Patient Data Abstraction

Visual DesignComponent ArchitectureDashboard DesignData VisualizationDesign Systems

TL;DR

CTDataHub is a centralized workspace I designed at Memorial Sloan Kettering that extracts and consolidates patient health and medication data from the EHR into a single, automated view — eliminating the context-switching that was costing nurses measurable time and accuracy on every shift.

Overview

CTDataHub is a centralized workspace that extracts and consolidates patient health and medication data from the EHR and displays it in a user-friendly, automated, and consolidated view. As the visual designer on the project, I led the UI from concept to polished component library, working alongside the team to synthesize research findings into a dashboard nurses could actually trust.

Role

Visual Designer

Timeline

2022–2023

Team

Product · Engineering · Clinical stakeholders

Scope

Visual design · Component architecture · Research synthesis

Problem Statement

Current manual data abstraction workflows were keeping MSK staff from more important aspects of clinical care and creating a financial burden on the facility.

Root Causes

  • No single source of truth Patient data lived across multiple disconnected systems and departments — making it nearly impossible to surface the right information quickly, or report it back to trial sponsors on time.

  • Data staff couldn't fully trust Without standardization, clinical staff routinely double-checked their own work — waiting for a colleague to confirm what they were seeing before acting on it, adding delays that compounded across every shift.

  • Automation opportunities going unused High-value signals like Serious Adverse Events could have been surfaced automatically. Instead, staff were manually scanning records to find them.

  • The wrong people doing the wrong work Senior clinical staff were spending a measurable portion of their shifts on manual data retrieval — time that should have gone to patient care, coordination, and support.

Qualitative Research

I sat in on 6 one-hour, semi-structured interviews with clinical staff — observing workflows, noting friction points, and synthesizing findings into design direction. I didn't lead the research, but the sessions gave me direct access to the language and mental models I needed to make the right visual decisions.

It would be great to see all of this information in one place, especially with the medications — because that's something that manually takes an incredible amount of time to go through every single EMR document to see when the patients started this medication.

Kalista, Clinical Research Coordinator

Some patients can have like 25 adverse events and 100 medications and we have to look through every document.
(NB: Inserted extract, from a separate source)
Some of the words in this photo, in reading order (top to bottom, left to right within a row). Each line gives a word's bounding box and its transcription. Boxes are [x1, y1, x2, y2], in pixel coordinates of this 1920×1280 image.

I was definitely overwhelmed the first time I logged into CTMS. I wish there was a simpler solution because there is a lot of information in here that isn't relevant for us.

Anmol, Clinical Research Coordinator

Key Insight

Consolidation was the feature. Every other design decision flowed from getting Adverse Event and medication data into one place.

Business Goals

01

Increase the rate at which the correct data was identified by 50%

02

Decrease the time required to identify the correct data by 50%

03

Decrease the perceived difficulty of identifying the correct data by 30%

Patient Data Abstraction

The Challenge

Nurses had no single source of truth. Critical patient data was scattered across multiple systems — each with its own navigation model and terminology. The cognitive overhead of context-switching was measurable: time lost, details missed, and a workflow that asked nurses to do too much remembering and not enough caring. The wireframes below were the starting point — a rough structural foundation that mapped the data hierarchy before any visual decisions were made.
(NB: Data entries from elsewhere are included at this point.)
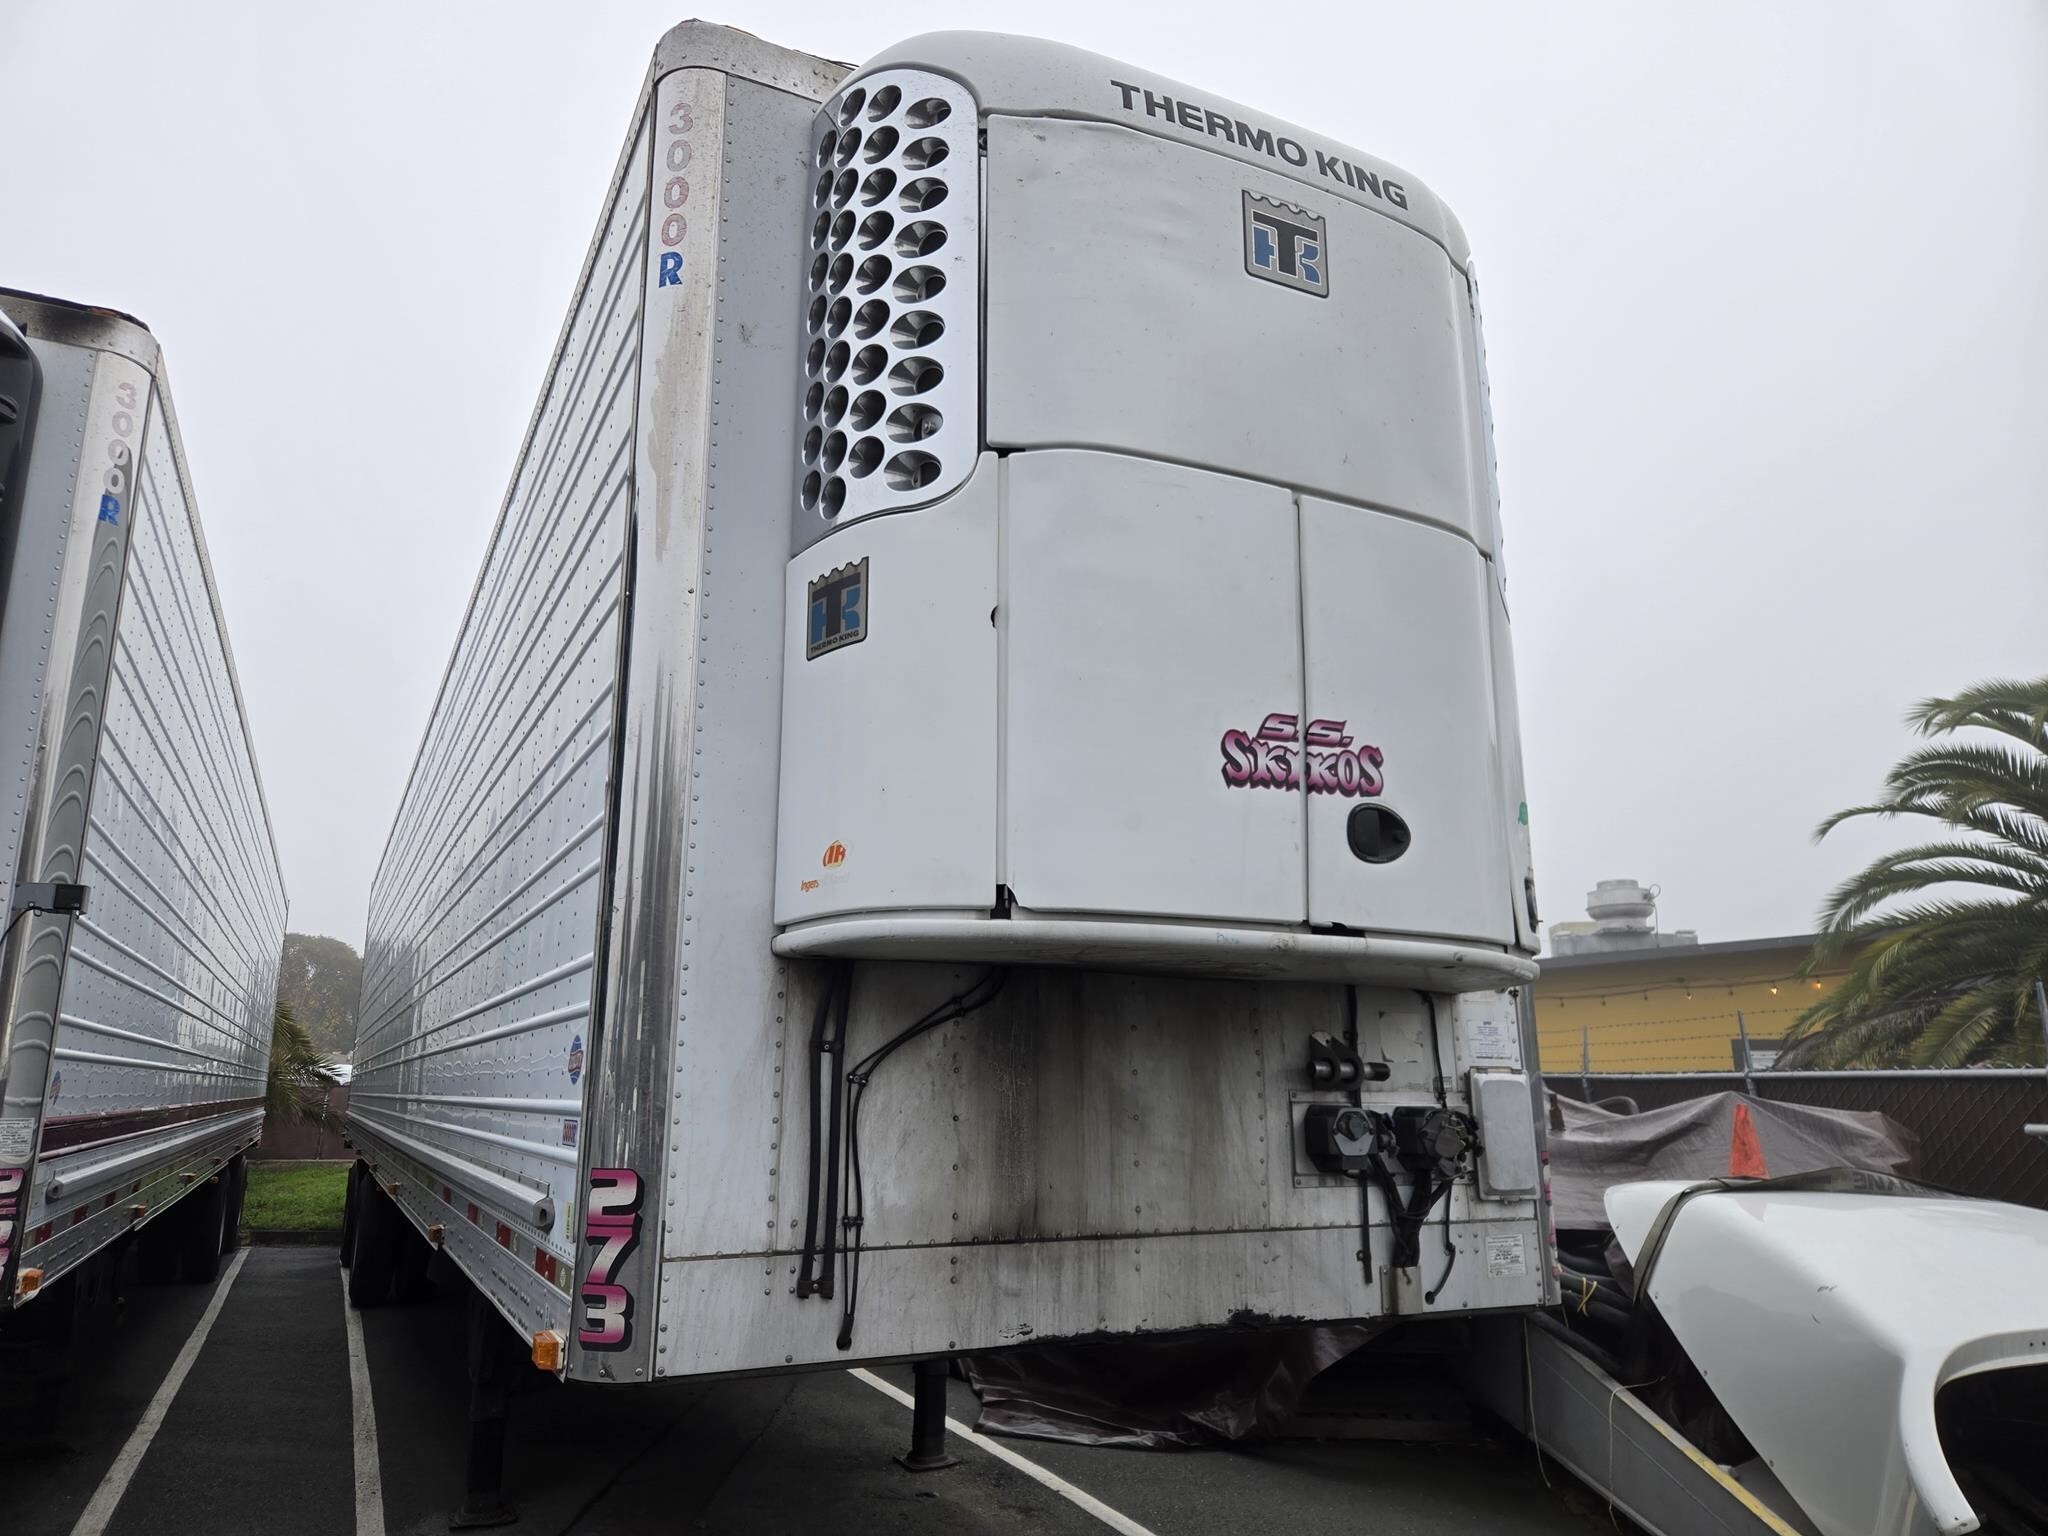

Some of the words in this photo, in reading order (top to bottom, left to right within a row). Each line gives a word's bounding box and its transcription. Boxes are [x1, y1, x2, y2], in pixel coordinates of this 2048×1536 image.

[1110, 79, 1308, 167] THERMO
[1315, 149, 1409, 210] KING
[810, 637, 838, 654] THERMO
[839, 629, 860, 642] KING
[578, 1167, 645, 1352] 273
Challenge wireframe 1Challenge wireframe 2

Process

I synthesized findings from clinical staff interviews to map the highest-frequency tasks and the specific data points nurses referenced most. From there I led the visual design and component architecture — building a system that could handle high information density without overwhelming the user, and that could absorb new data sources without requiring a redesign.

Process 1Process 2

Outcome

By aggregating patient health and medication data from the EHR into a single consolidated view, CTDataHub reduced the time nurses spent locating critical information by approximately 40% — turning a fragmented, multi-system workflow into a single source of truth.